» **HOW TO COMPLETE THIS TASK**: Print the listing exactly as it stands, and skip any pictures in it.

» **THE RECORDS**:
··········

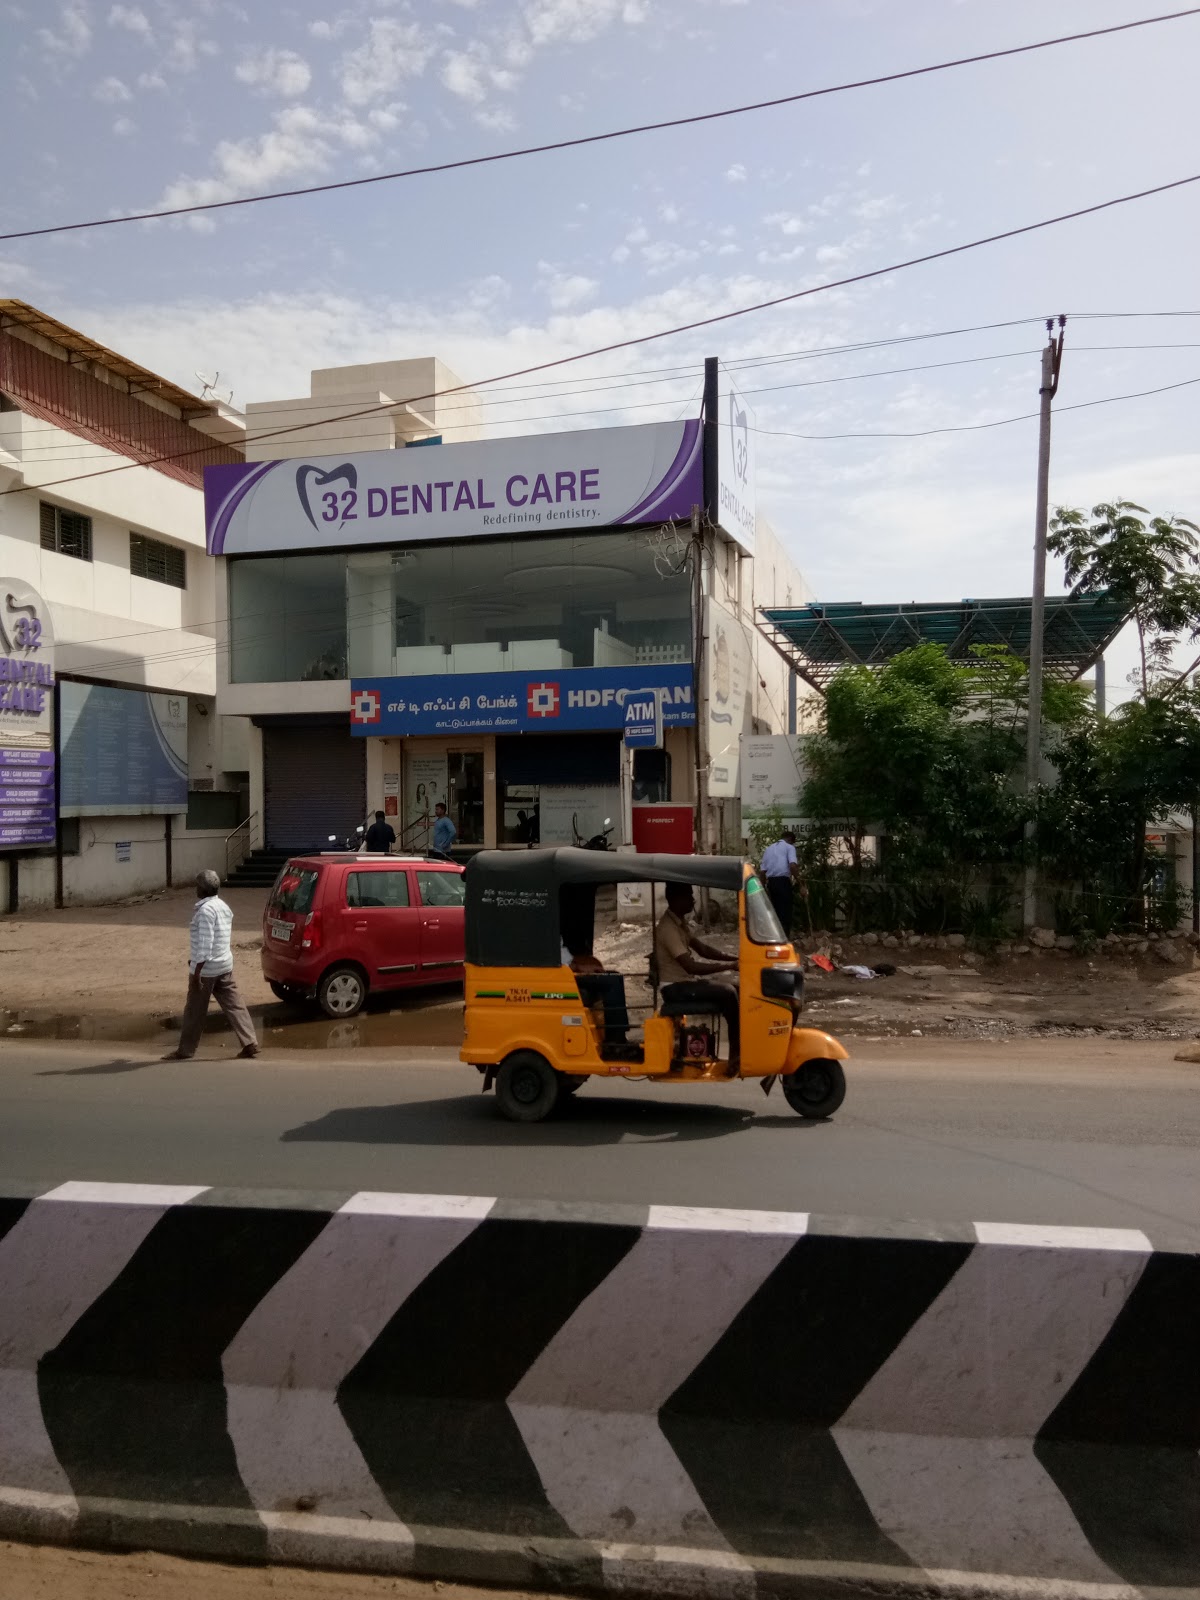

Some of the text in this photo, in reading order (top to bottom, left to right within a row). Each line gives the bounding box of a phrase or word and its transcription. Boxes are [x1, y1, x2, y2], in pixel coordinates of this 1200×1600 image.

[736, 438, 748, 485] 32
[321, 468, 600, 522] 32 DENTAL CARE
[720, 482, 755, 535] DENTAL CARE
[483, 508, 600, 526] Redefining dentistry.
[13, 617, 42, 650] 32
[0, 657, 55, 686] ENTAL
[476, 694, 518, 709] பேங்க்
[567, 688, 628, 707] HDFC
[625, 702, 655, 721] ATM

··········

» **THE ANSWER**:
Some of the text in this photo, in reading order (top to bottom, left to right within a row). Each line gives the bounding box of a phrase or word and its transcription. Boxes are [x1, y1, x2, y2], in pixel coordinates of this 1200×1600 image.

[736, 438, 748, 485] 32
[321, 468, 600, 522] 32 DENTAL CARE
[720, 482, 755, 535] DENTAL CARE
[483, 508, 600, 526] Redefining dentistry.
[13, 617, 42, 650] 32
[0, 657, 55, 686] ENTAL
[476, 694, 518, 709] பேங்க்
[567, 688, 628, 707] HDFC
[625, 702, 655, 721] ATM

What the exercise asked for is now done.